El Gobierno de Azcón cree que el decreto de centros de datos está “diseñado para hundir” las inversiones en Aragón
La consejera aragonesa de Economía, Competitividad y Empleo, Eva Valle, ha cargado este jueves contra el proyecto de real decreto que impulsa el Ejecutivo central para regular los requisitos para la instalación de centros de datos. Es “especialmente dañino” y está “especialmente diseñado para hundir” el programa de inversiones del sector en la Comunidad, ha acusado Valle. Según el delegado del Gobierno en Aragón, sin embargo, la iniciativa busca que la proliferación de granjas de servidores no cause “un incremento en la factura de la luz de todos los aragoneses y aragonesas”.
La titular de Economía ha acusado al Gobierno de Pedro Sánchez de intentar “ocultar su incapacidad para planificar, ejecutar y gestionar la red de transporte”, lo que ha creado “un problema colosal de acceso al sistema eléctrico”.
La propuesta normativa, a la que se podrán presentar alegaciones hasta el próximo 4 de septiembre, exigirá que los centros de datos respalden con nueva generación renovable, cada hora de funcionamiento, al menos un mínimo del 80% de su consumo energético.
Asimismo, recoge medidas en materia de resiliencia y soberanía digital, como la obligación de que la operación del centro y el control de los datos asociados a la operación correspondan a entidades sujetas al derecho de la UE, y también en materia de sostenibilidad ambiental y energética, como la obligación de consumir energía renovable de nueva implantación, además de cumplir criterios de eficiencia energética y de consumo de agua.
Alegaciones
La consejera aragonesa ha expresado su “sorpresa” por el escaso margen de maniobra para presentar alegaciones, después de que el Ejecutivo estatal haya estado cinco meses en los que “ni ha presentado un proyecto ni ha dialogado con los sectores afectados ni con las administraciones públicas en las que se han comprometido las inversiones”.
“Ahora solo tenemos ocho días para presentar alegaciones a un Real Decreto que cambia radicalmente las reglas del juego y que contradice las propuestas normativas anteriores”, ha protestado. En todo caso, el Departamento ya ha mantenido varias reuniones para comenzar a plantear dichas alegaciones antes del 4 de septiembre.

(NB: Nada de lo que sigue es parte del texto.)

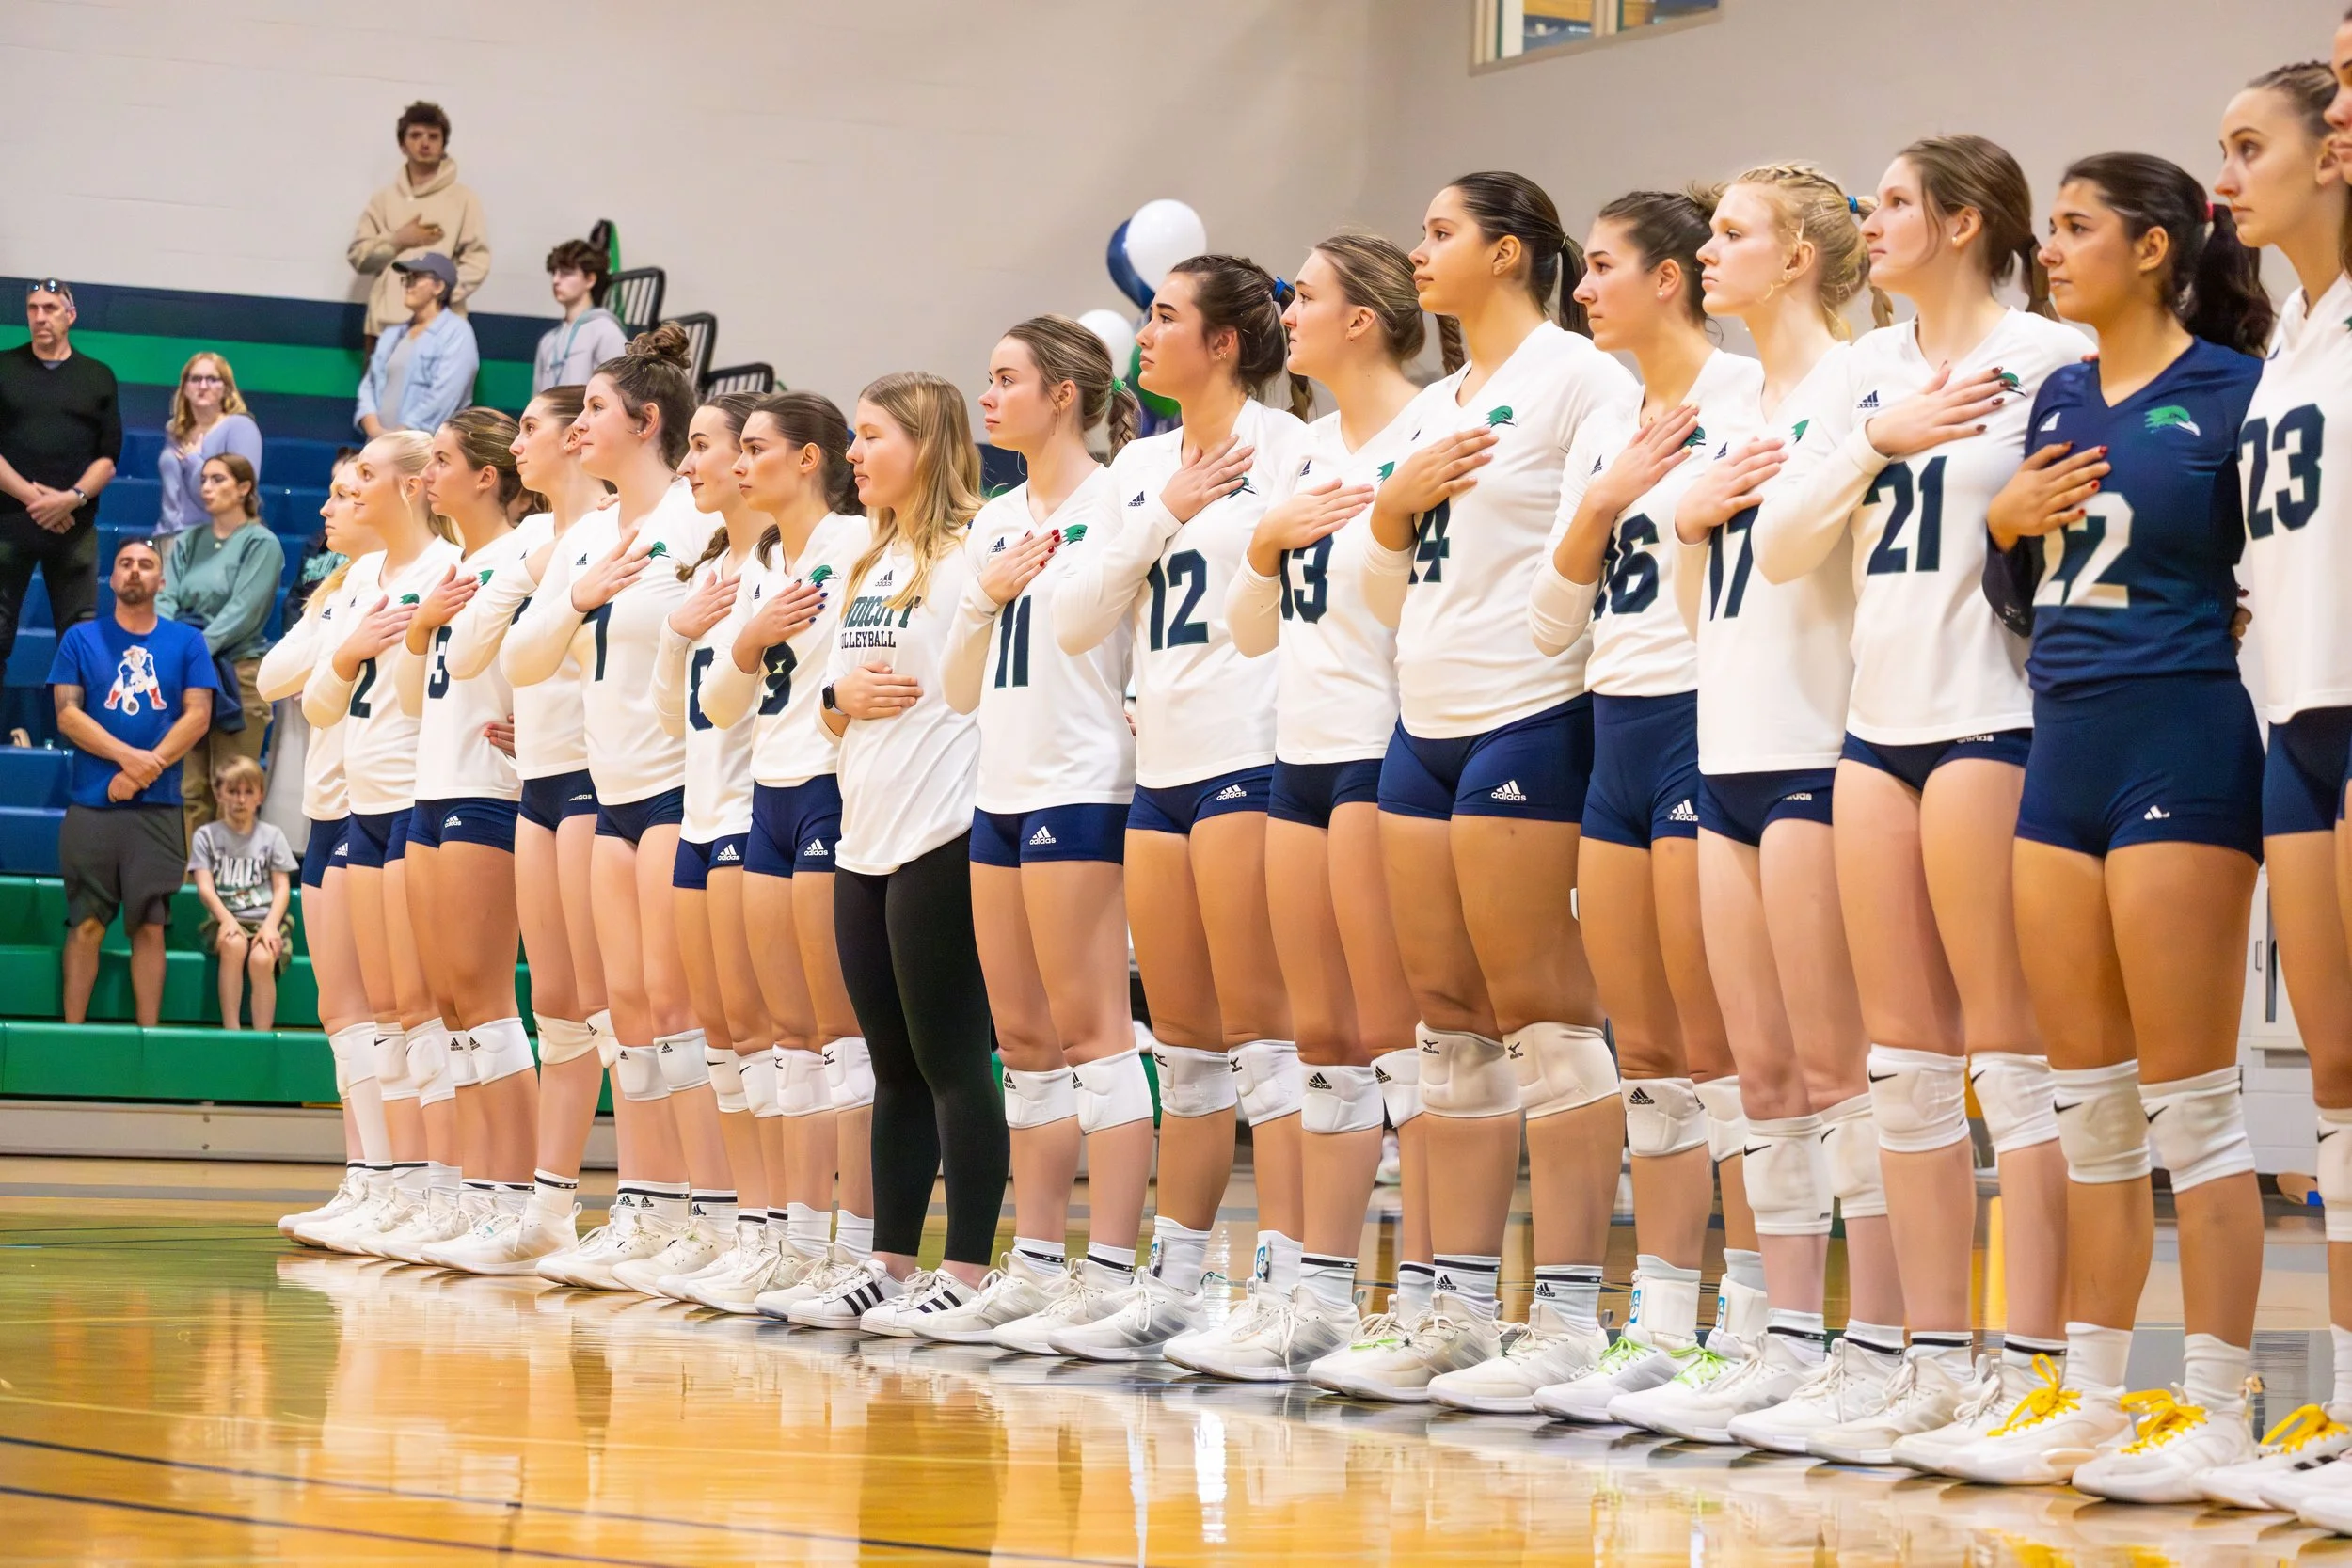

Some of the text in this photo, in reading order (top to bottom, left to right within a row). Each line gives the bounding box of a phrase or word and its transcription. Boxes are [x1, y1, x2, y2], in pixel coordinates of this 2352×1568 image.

[2237, 403, 2325, 540] 23
[1863, 455, 1947, 576] 21
[1146, 548, 1209, 652] 12
[1280, 533, 1334, 625] 13
[1708, 504, 1760, 621] 17
[428, 626, 452, 699] 3
[581, 601, 613, 681] 7
[994, 595, 1031, 689] 11
[349, 657, 376, 718] 2
[1216, 790, 1247, 800] adidas
[1491, 791, 1526, 801] adidas
[1029, 836, 1056, 845] adidas
[1309, 1081, 1332, 1090] adidas

Según el primer análisis realizado, han constatado la “alarmante inseguridad jurídica” que va a provocar este real decreto al afectar a todos los proyectos en tramitación, que “tienen que cumplir unos requisitos legales extremos y muy alejados de los iniciales”.
Un país “sostenible y eficiente”
Para el máximo representante del Gobierno central en Aragón, Fernando Beltrán, el proyecto de real decreto busca que el país en su conjunto, incluido Aragón, “sea sostenible, eficiente y soberano en todo lo relacionado con los centros de datos”. “Para ello es fundamental conocer cuál va a ser el consumo energético y de recursos de cada uno de los centros y exigirle los máximos estándares europeos de eficiencia en el uso de nuestra agua y energía”, ha apuntado Beltrán, para quien la preocupación debería dirigirse a que las granjas de servidores “no se tramiten con los debidos controles y estándares sobre el uso de nuestros recursos”.
“Es una cuestión que preocupa a los aragoneses y a la que quiere dar respuesta el Gobierno de España. Entre otras cuestiones, por ejemplo, esta norma busca que el gran consumo de electricidad de los centros de datos no cause un incremento en la factura de la luz de todos los aragoneses y aragonesas”, ha indicado el delegado del Gobierno, quien ha indicado que una vez que el proyecto ha salido a audiencia pública “todas las partes interesadas pueden remitir sus aportaciones al proyecto”.
En su respuesta a Beltrán, sus palabras suponen “crear una alarma sobre la base de una falsedad” y ha responsabilizado al Gobierno de España de haber creado un problema “colosal” de acceso al sistema eléctrico para cualquier tipo de actividad e incluso a la vivienda.
“Esto no tiene nada que ver con los precios y sí con dañar el futuro de nuestra comunidad y con destruir una credibilidad que no solo afectará a los centros de datos sino a todas las inversiones que puedan querer llegar”, ha concluido.